WORK TASK:
Any image in the records should be left out; output everything else exactly.

*** Begin section ***

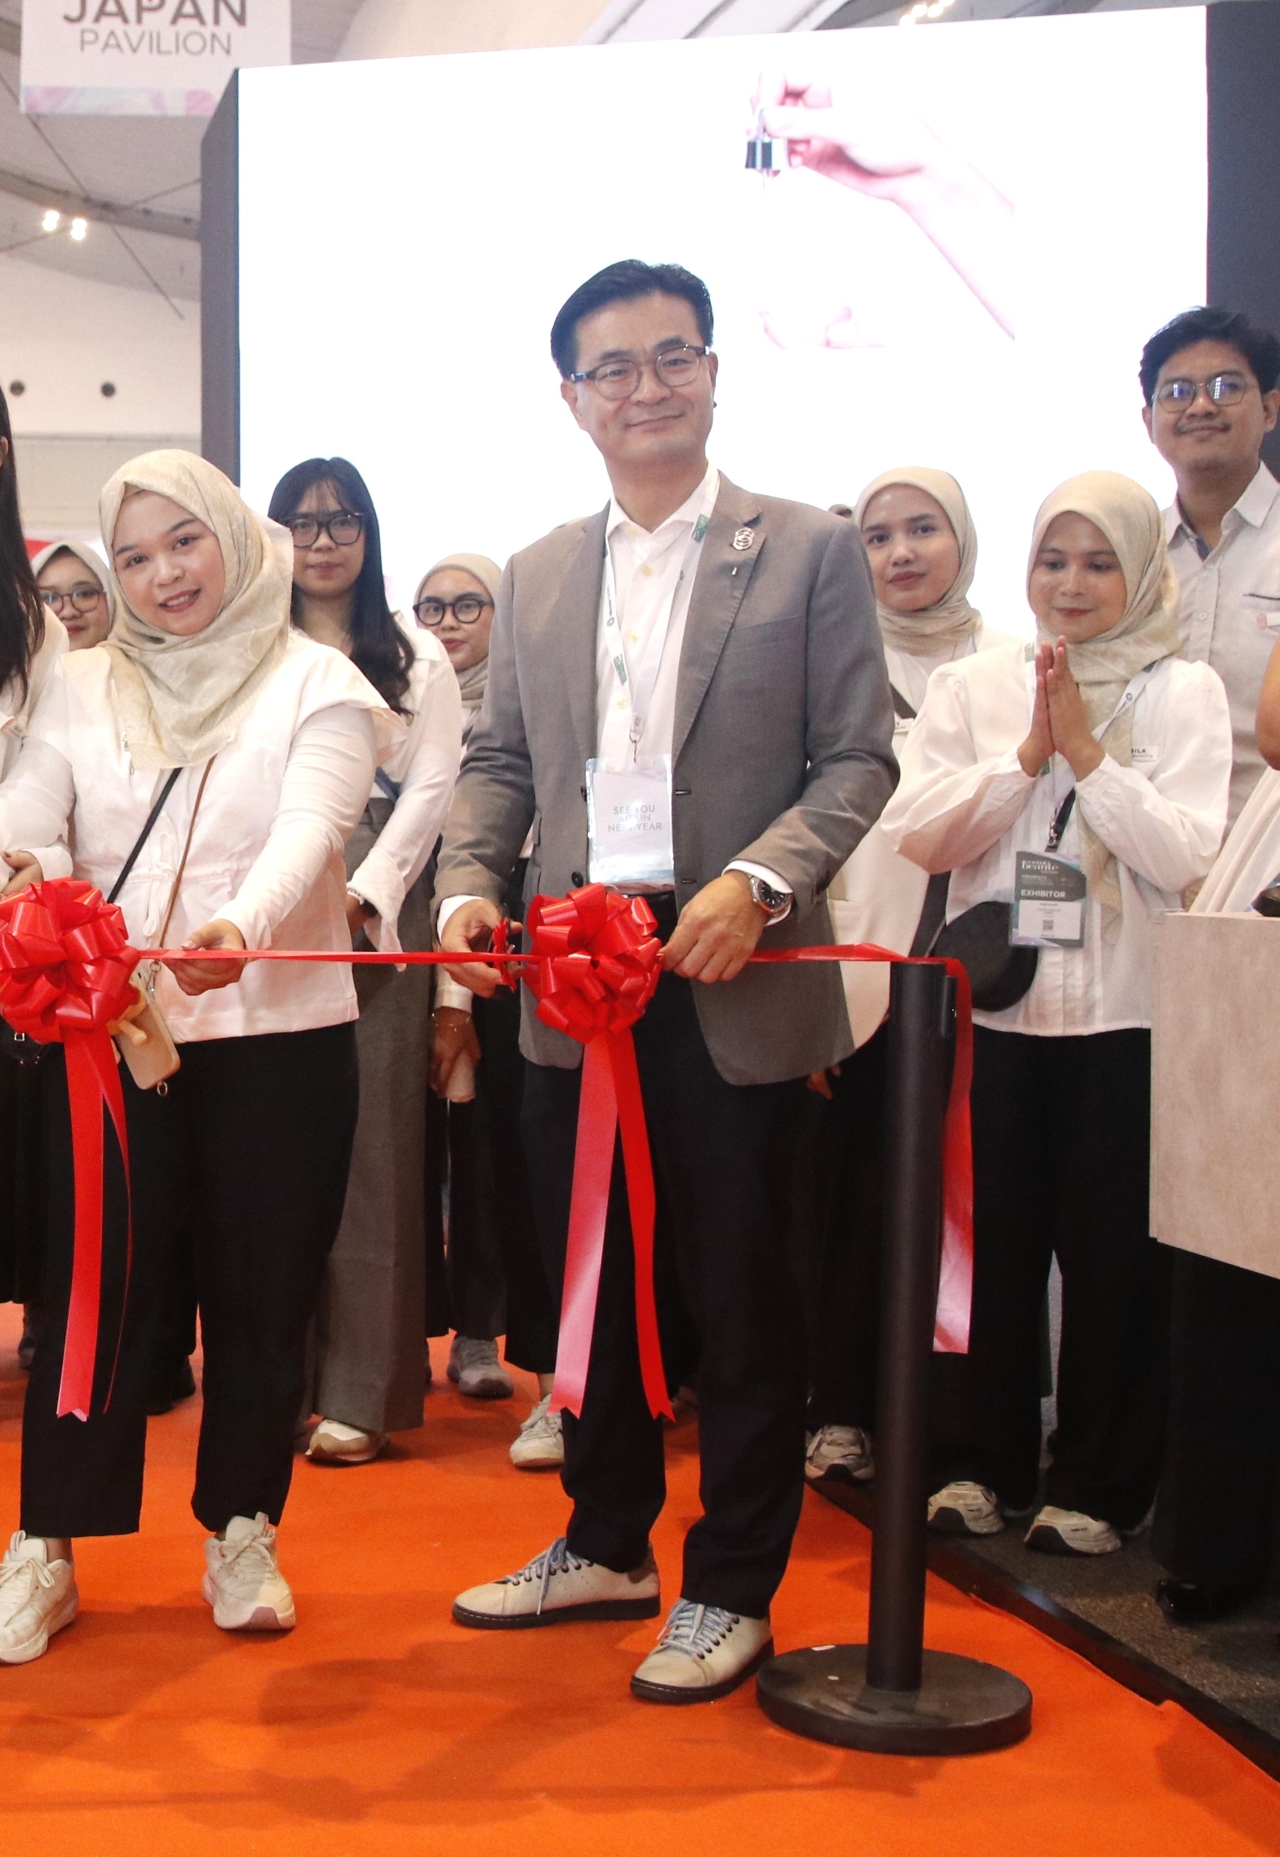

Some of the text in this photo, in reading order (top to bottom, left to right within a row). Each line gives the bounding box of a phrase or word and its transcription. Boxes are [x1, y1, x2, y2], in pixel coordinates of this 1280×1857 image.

[63, 0, 247, 26] JAPAN
[79, 28, 232, 56] PAVILION
[613, 806, 631, 815] SEE
[618, 813, 651, 823] AIN
[608, 822, 663, 832] NE YEAR
[1020, 889, 1066, 898] EXHIBITOR
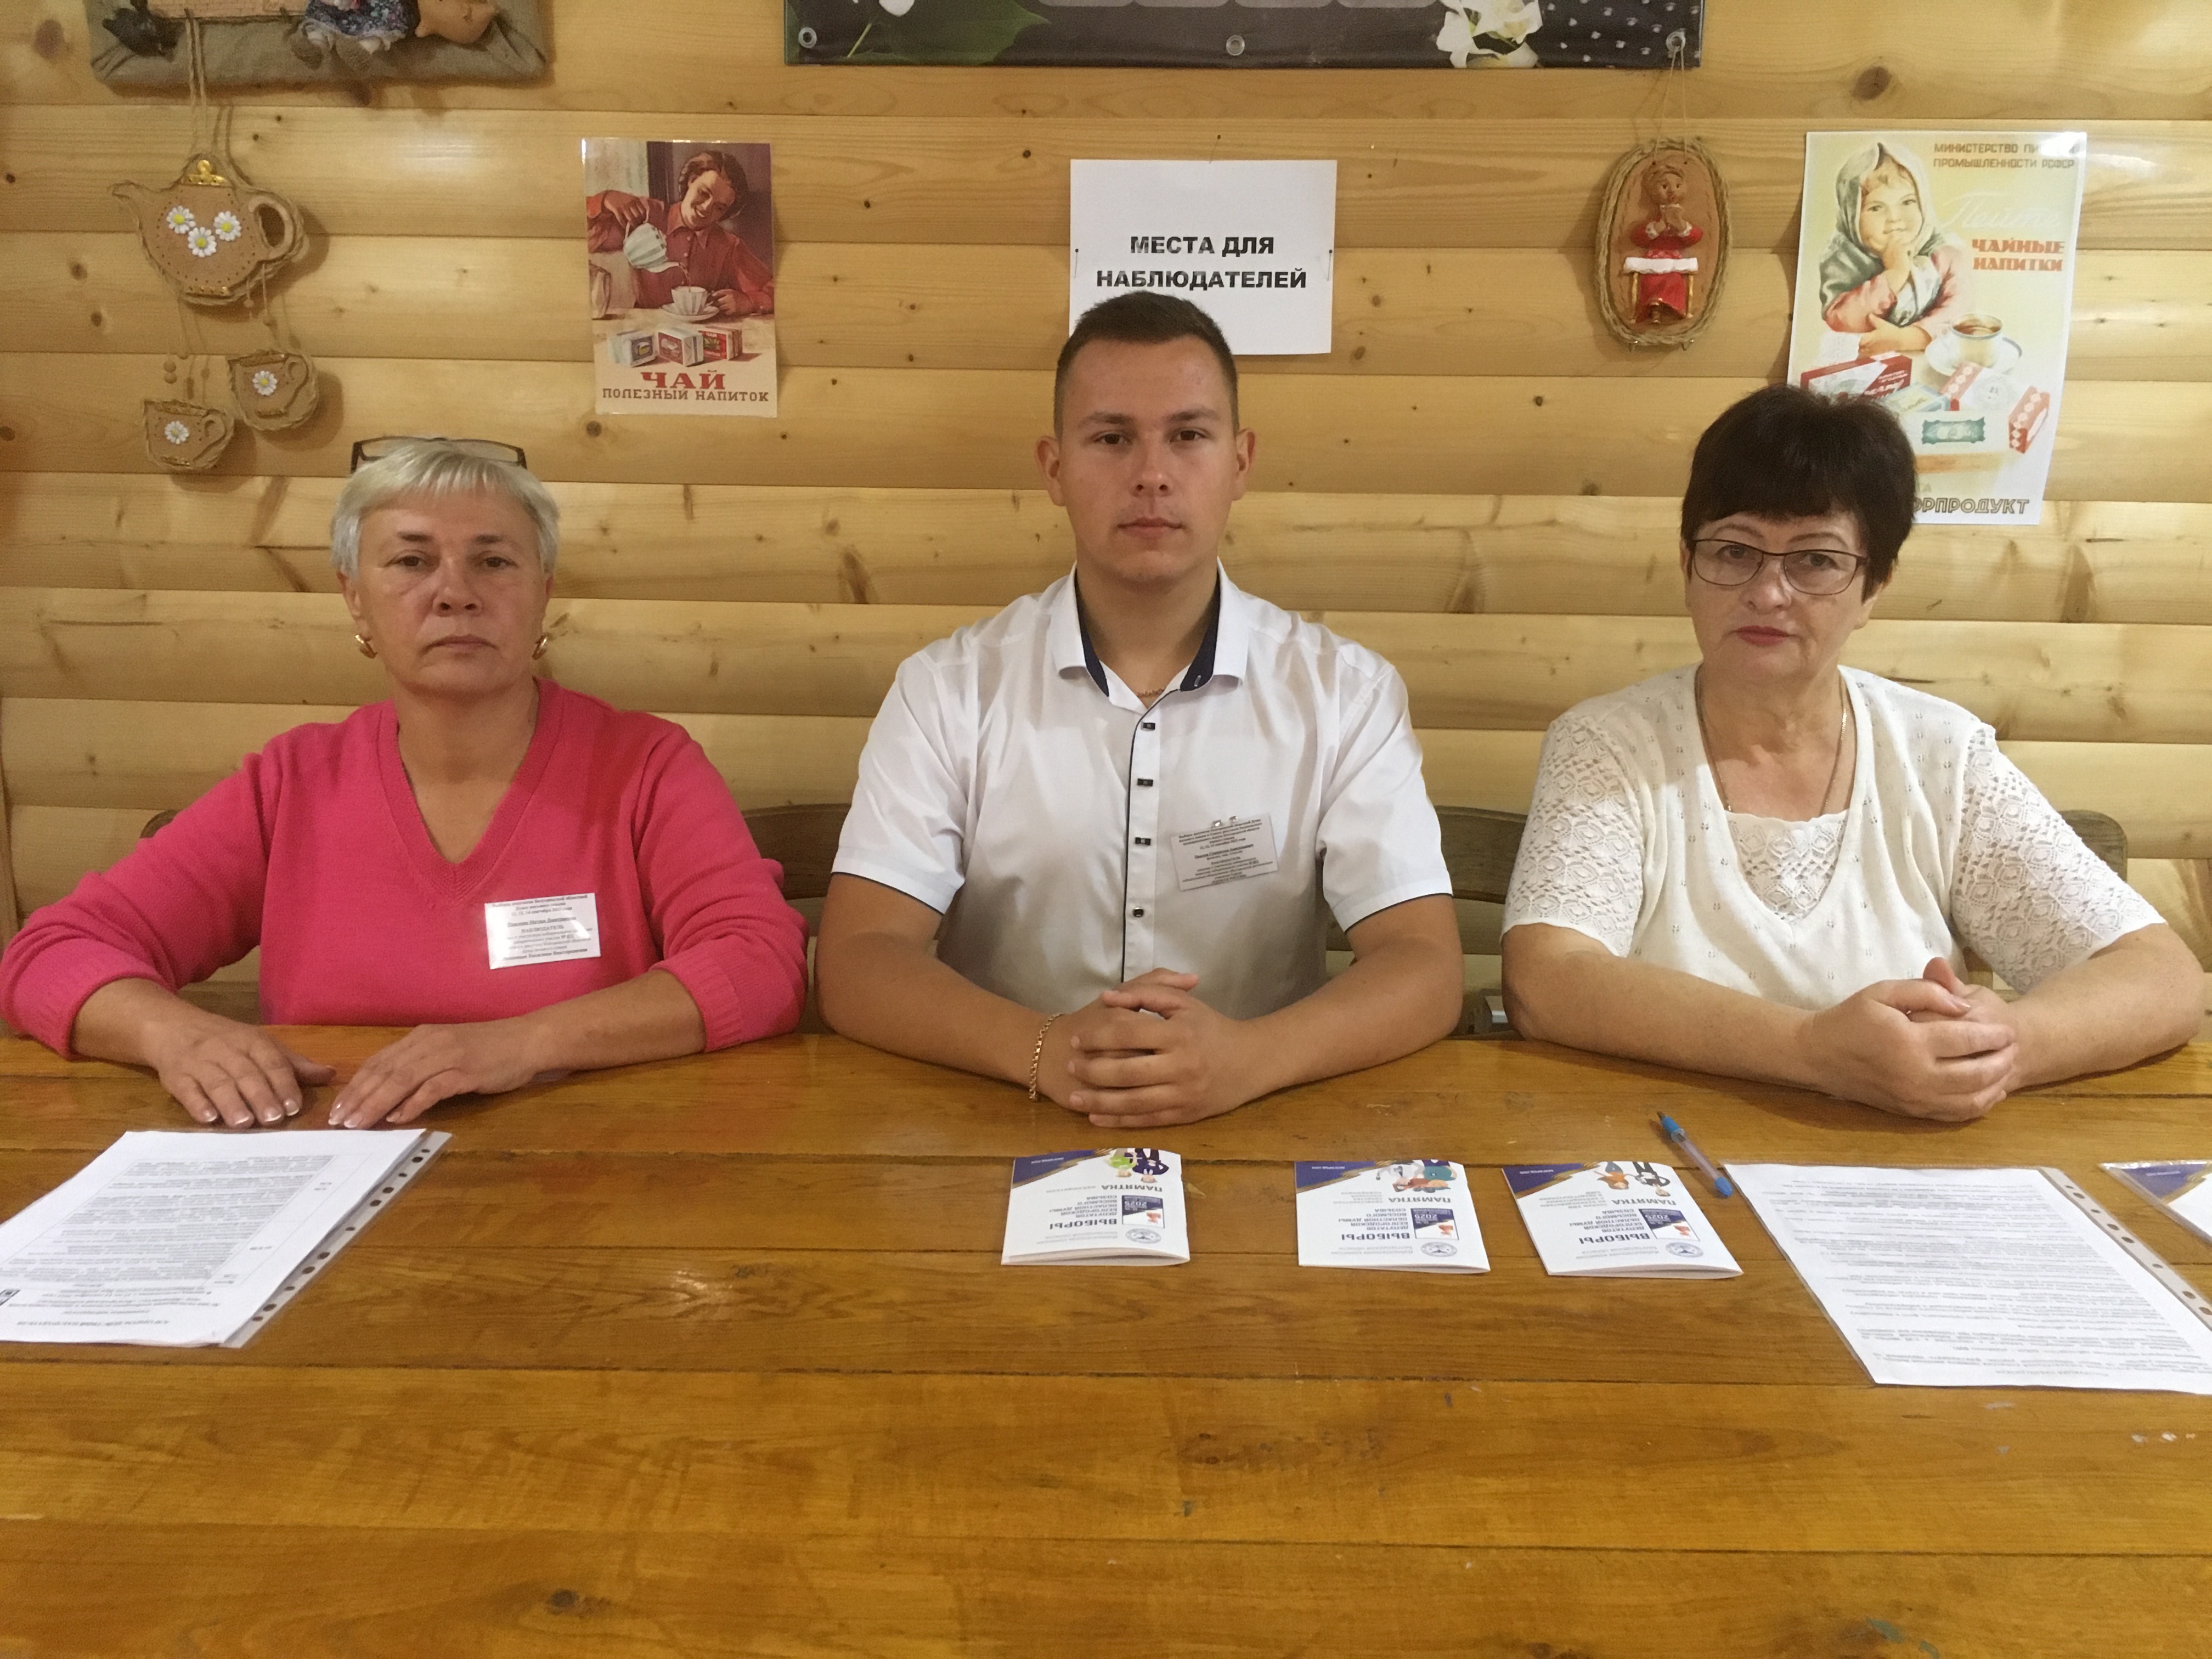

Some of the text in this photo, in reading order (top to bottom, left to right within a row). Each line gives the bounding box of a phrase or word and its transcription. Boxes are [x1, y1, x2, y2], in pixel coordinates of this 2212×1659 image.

[1934, 144, 2018, 154] МИНИСТЕРСТВО
[1933, 158, 2075, 168] ПРОМЫШЛЕННОСТИ РСФСР
[1130, 236, 1274, 257] МЕСТА ДЛЯ
[1971, 238, 2065, 254] ЧАЙНЫЕ
[1972, 258, 2063, 272] НАПИТКИ
[1097, 268, 1307, 291] НАБЛЮДАТЕЛЕЙ
[640, 370, 726, 390] ЧАЙ
[602, 388, 770, 403] ПОЛЕЗНЫЙ НАПИТОК
[1049, 1218, 1117, 1229] ВЫБОРЫ
[1579, 1233, 1650, 1244] ВЫБОРЫ

*** End section ***

ANSWER BOX:
Some of the text in this photo, in reading order (top to bottom, left to right within a row). Each line gives the bounding box of a phrase or word and its transcription. Boxes are [x1, y1, x2, y2], in pixel coordinates of this 1280×1857 image.

[63, 0, 247, 26] JAPAN
[79, 28, 232, 56] PAVILION
[613, 806, 631, 815] SEE
[618, 813, 651, 823] AIN
[608, 822, 663, 832] NE YEAR
[1020, 889, 1066, 898] EXHIBITOR

Some of the text in this photo, in reading order (top to bottom, left to right within a row). Each line gives the bounding box of a phrase or word and its transcription. Boxes are [x1, y1, x2, y2], in pixel coordinates of this 2212×1659 image.

[1934, 144, 2018, 154] МИНИСТЕРСТВО
[1933, 158, 2075, 168] ПРОМЫШЛЕННОСТИ РСФСР
[1130, 236, 1274, 257] МЕСТА ДЛЯ
[1971, 238, 2065, 254] ЧАЙНЫЕ
[1972, 258, 2063, 272] НАПИТКИ
[1097, 268, 1307, 291] НАБЛЮДАТЕЛЕЙ
[640, 370, 726, 390] ЧАЙ
[602, 388, 770, 403] ПОЛЕЗНЫЙ НАПИТОК
[1049, 1218, 1117, 1229] ВЫБОРЫ
[1579, 1233, 1650, 1244] ВЫБОРЫ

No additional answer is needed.